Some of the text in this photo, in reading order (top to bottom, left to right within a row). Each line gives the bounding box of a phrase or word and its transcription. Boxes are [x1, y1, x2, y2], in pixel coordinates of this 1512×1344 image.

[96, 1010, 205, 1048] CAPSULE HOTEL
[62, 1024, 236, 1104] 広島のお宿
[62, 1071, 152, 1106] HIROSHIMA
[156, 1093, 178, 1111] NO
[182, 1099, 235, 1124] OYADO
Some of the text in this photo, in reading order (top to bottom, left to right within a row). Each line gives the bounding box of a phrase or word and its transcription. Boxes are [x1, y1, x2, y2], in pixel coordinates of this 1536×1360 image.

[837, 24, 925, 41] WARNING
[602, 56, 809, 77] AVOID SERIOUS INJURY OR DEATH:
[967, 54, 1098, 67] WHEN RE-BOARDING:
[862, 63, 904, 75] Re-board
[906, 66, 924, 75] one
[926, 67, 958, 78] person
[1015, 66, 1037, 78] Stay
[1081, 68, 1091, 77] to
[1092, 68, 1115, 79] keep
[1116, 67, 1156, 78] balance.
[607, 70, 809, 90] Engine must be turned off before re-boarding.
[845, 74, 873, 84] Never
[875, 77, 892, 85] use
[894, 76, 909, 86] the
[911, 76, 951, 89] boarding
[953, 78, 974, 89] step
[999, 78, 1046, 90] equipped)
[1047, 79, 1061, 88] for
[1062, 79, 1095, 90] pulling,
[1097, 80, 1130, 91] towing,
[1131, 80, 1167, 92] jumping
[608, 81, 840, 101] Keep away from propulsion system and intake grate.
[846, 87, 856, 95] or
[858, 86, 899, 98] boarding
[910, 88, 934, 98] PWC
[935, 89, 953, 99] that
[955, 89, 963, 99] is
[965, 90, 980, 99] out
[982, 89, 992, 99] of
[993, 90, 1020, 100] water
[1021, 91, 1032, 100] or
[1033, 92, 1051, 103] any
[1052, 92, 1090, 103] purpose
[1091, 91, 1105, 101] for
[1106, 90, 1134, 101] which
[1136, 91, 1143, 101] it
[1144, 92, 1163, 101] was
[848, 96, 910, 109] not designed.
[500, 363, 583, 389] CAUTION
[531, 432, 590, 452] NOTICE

Exercise brief => Please output each record exactly as it appears above.

Response to this task =>
Some of the text in this photo, in reading order (top to bottom, left to right within a row). Each line gives the bounding box of a phrase or word and its transcription. Boxes are [x1, y1, x2, y2], in pixel coordinates of this 1512×1344 image.

[96, 1010, 205, 1048] CAPSULE HOTEL
[62, 1024, 236, 1104] 広島のお宿
[62, 1071, 152, 1106] HIROSHIMA
[156, 1093, 178, 1111] NO
[182, 1099, 235, 1124] OYADO
Some of the text in this photo, in reading order (top to bottom, left to right within a row). Each line gives the bounding box of a phrase or word and its transcription. Boxes are [x1, y1, x2, y2], in pixel coordinates of this 1536×1360 image.

[837, 24, 925, 41] WARNING
[602, 56, 809, 77] AVOID SERIOUS INJURY OR DEATH:
[967, 54, 1098, 67] WHEN RE-BOARDING:
[862, 63, 904, 75] Re-board
[906, 66, 924, 75] one
[926, 67, 958, 78] person
[1015, 66, 1037, 78] Stay
[1081, 68, 1091, 77] to
[1092, 68, 1115, 79] keep
[1116, 67, 1156, 78] balance.
[607, 70, 809, 90] Engine must be turned off before re-boarding.
[845, 74, 873, 84] Never
[875, 77, 892, 85] use
[894, 76, 909, 86] the
[911, 76, 951, 89] boarding
[953, 78, 974, 89] step
[999, 78, 1046, 90] equipped)
[1047, 79, 1061, 88] for
[1062, 79, 1095, 90] pulling,
[1097, 80, 1130, 91] towing,
[1131, 80, 1167, 92] jumping
[608, 81, 840, 101] Keep away from propulsion system and intake grate.
[846, 87, 856, 95] or
[858, 86, 899, 98] boarding
[910, 88, 934, 98] PWC
[935, 89, 953, 99] that
[955, 89, 963, 99] is
[965, 90, 980, 99] out
[982, 89, 992, 99] of
[993, 90, 1020, 100] water
[1021, 91, 1032, 100] or
[1033, 92, 1051, 103] any
[1052, 92, 1090, 103] purpose
[1091, 91, 1105, 101] for
[1106, 90, 1134, 101] which
[1136, 91, 1143, 101] it
[1144, 92, 1163, 101] was
[848, 96, 910, 109] not designed.
[500, 363, 583, 389] CAUTION
[531, 432, 590, 452] NOTICE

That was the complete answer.